Extracted material
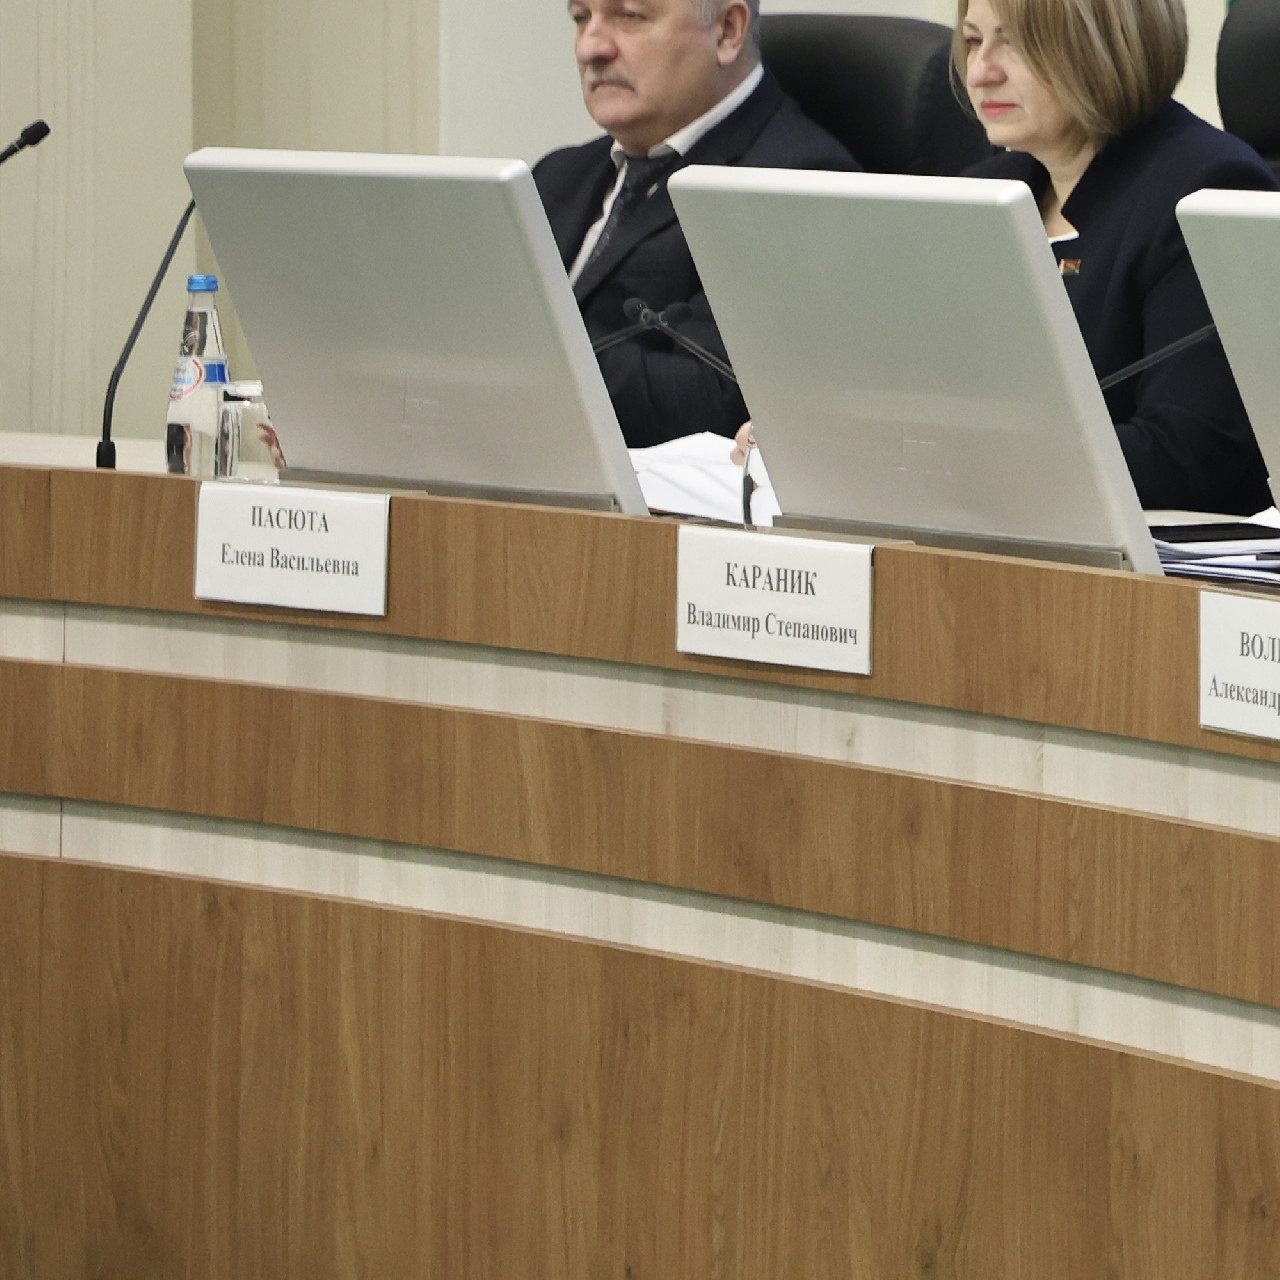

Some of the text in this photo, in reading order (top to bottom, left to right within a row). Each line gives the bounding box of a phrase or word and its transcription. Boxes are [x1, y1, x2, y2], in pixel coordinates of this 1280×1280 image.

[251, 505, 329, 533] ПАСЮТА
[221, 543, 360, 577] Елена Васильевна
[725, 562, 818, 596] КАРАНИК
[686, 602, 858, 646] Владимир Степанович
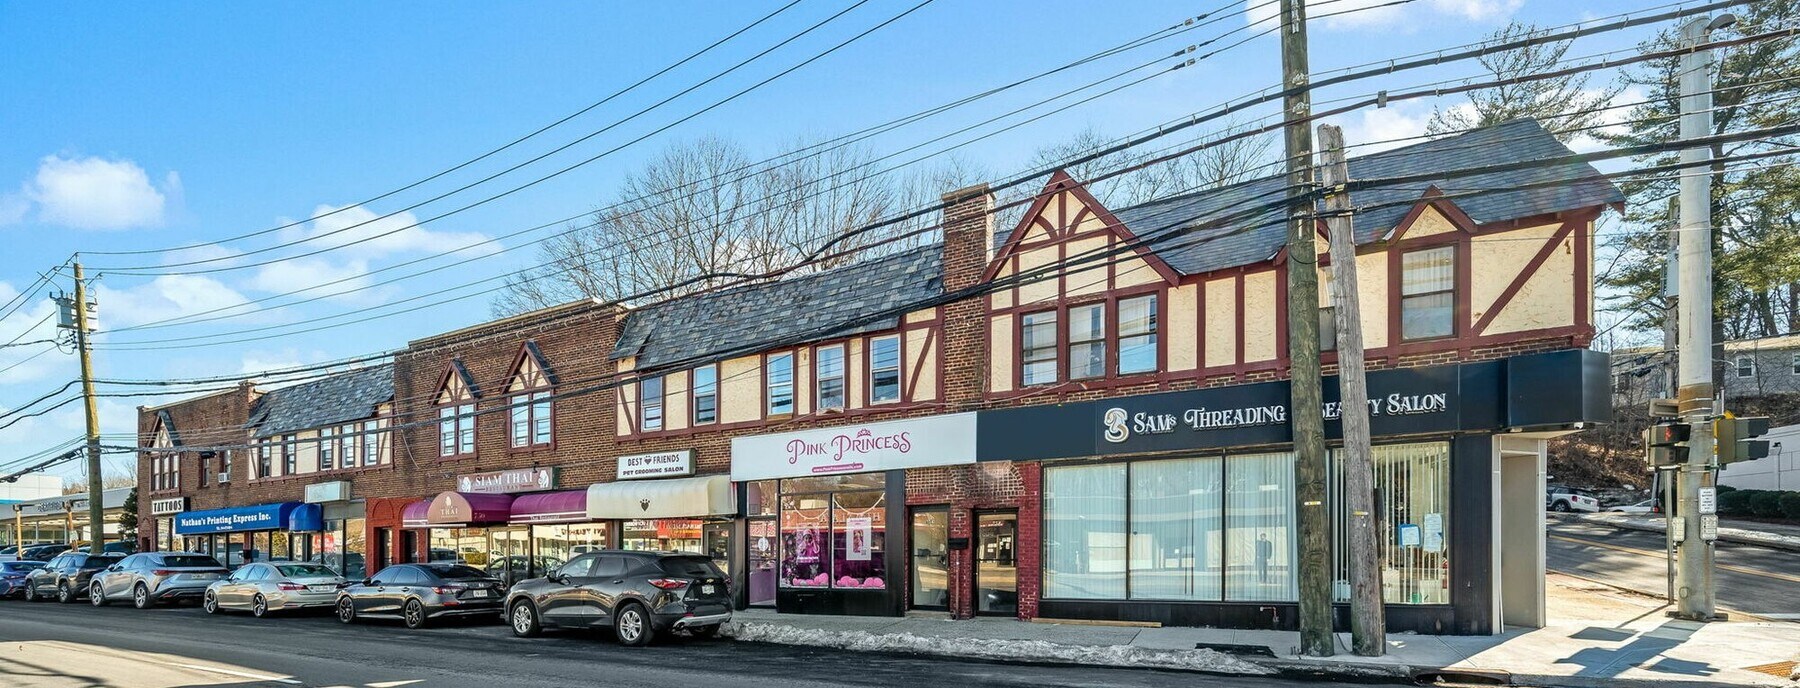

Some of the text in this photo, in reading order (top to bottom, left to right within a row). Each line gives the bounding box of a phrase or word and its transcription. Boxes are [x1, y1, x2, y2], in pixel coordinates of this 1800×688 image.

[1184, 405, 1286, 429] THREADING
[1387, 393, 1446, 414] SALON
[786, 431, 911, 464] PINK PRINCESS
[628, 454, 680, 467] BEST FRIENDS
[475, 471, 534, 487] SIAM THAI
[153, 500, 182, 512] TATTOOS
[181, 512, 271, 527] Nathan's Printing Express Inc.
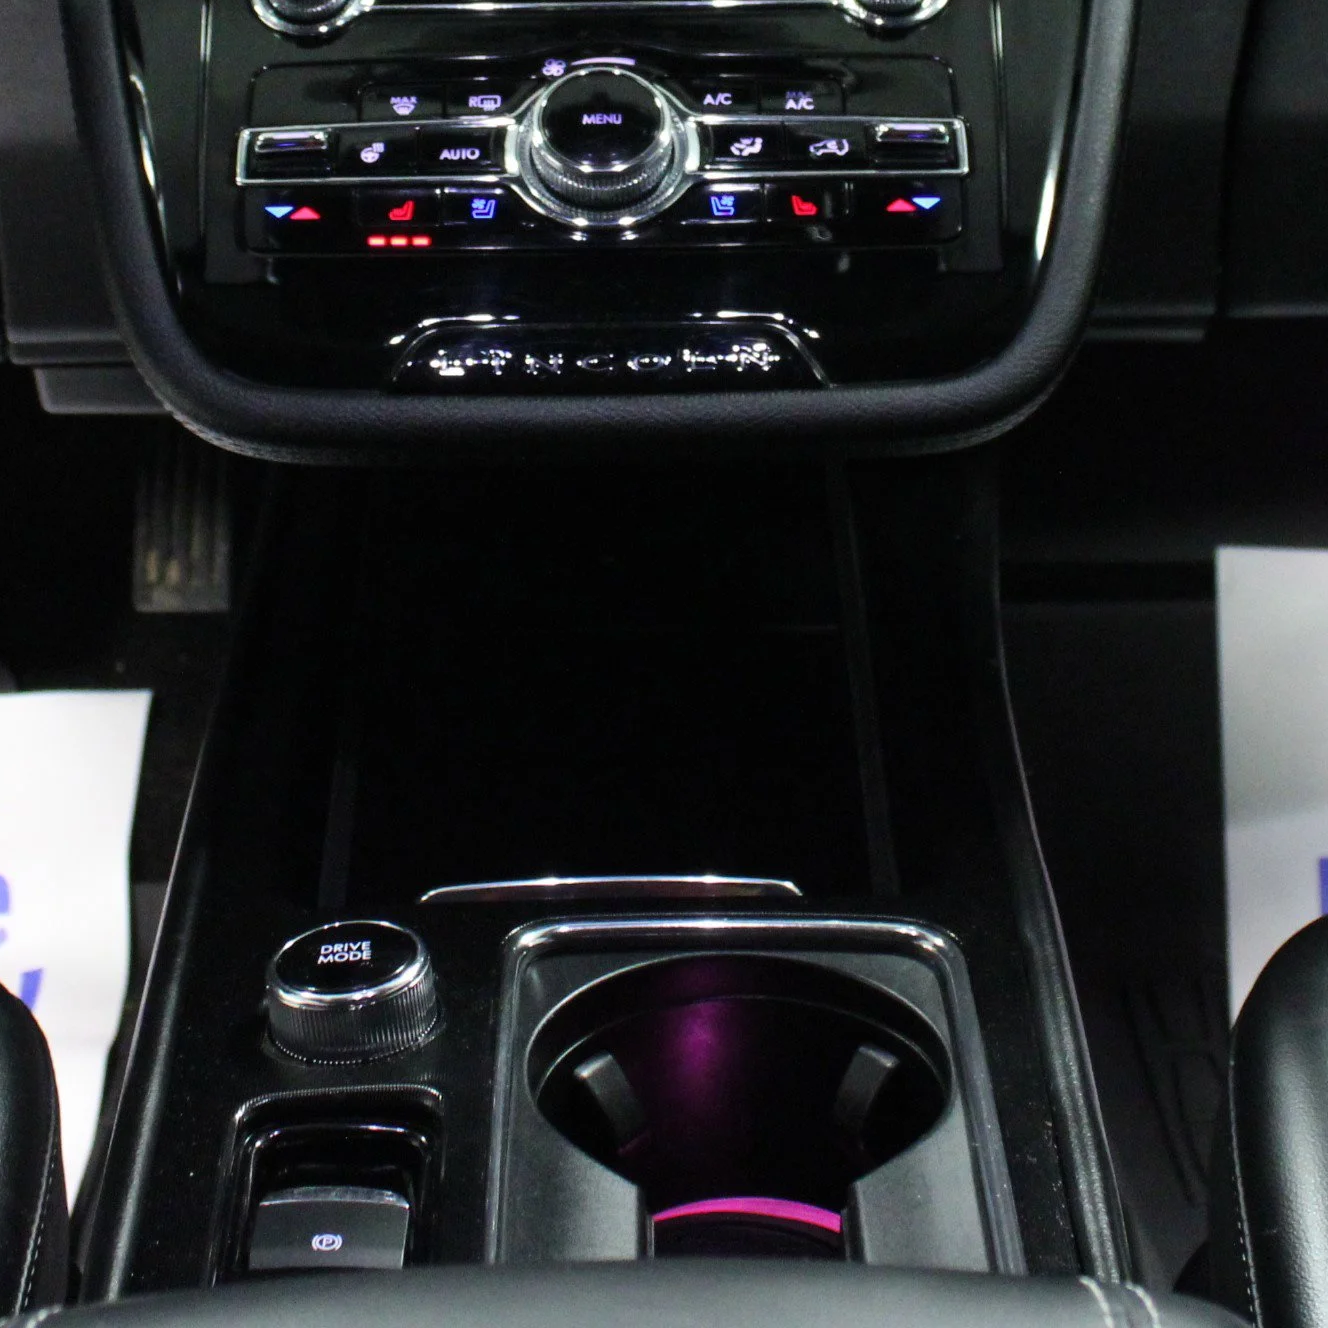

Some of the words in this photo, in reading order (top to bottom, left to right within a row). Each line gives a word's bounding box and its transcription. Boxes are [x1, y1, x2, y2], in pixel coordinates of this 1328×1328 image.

What is required
Set down, in exact form, only the lines that start at the one containing "this 1800×688 image." and finish at the last line of the material; pictures do not go in.

Solution for this exercise
Some of the text in this photo, in reading order (top to bottom, left to right within a row). Each line gives the bounding box of a phrase or word and its transcription. Boxes are [x1, y1, x2, y2], in pixel coordinates of this 1800×688 image.

[1184, 405, 1286, 429] THREADING
[1387, 393, 1446, 414] SALON
[786, 431, 911, 464] PINK PRINCESS
[628, 454, 680, 467] BEST FRIENDS
[475, 471, 534, 487] SIAM THAI
[153, 500, 182, 512] TATTOOS
[181, 512, 271, 527] Nathan's Printing Express Inc.

Some of the words in this photo, in reading order (top to bottom, left to right within a row). Each line gives a word's bounding box and its transcription. Boxes are [x1, y1, x2, y2], in pixel coordinates of this 1328×1328 image.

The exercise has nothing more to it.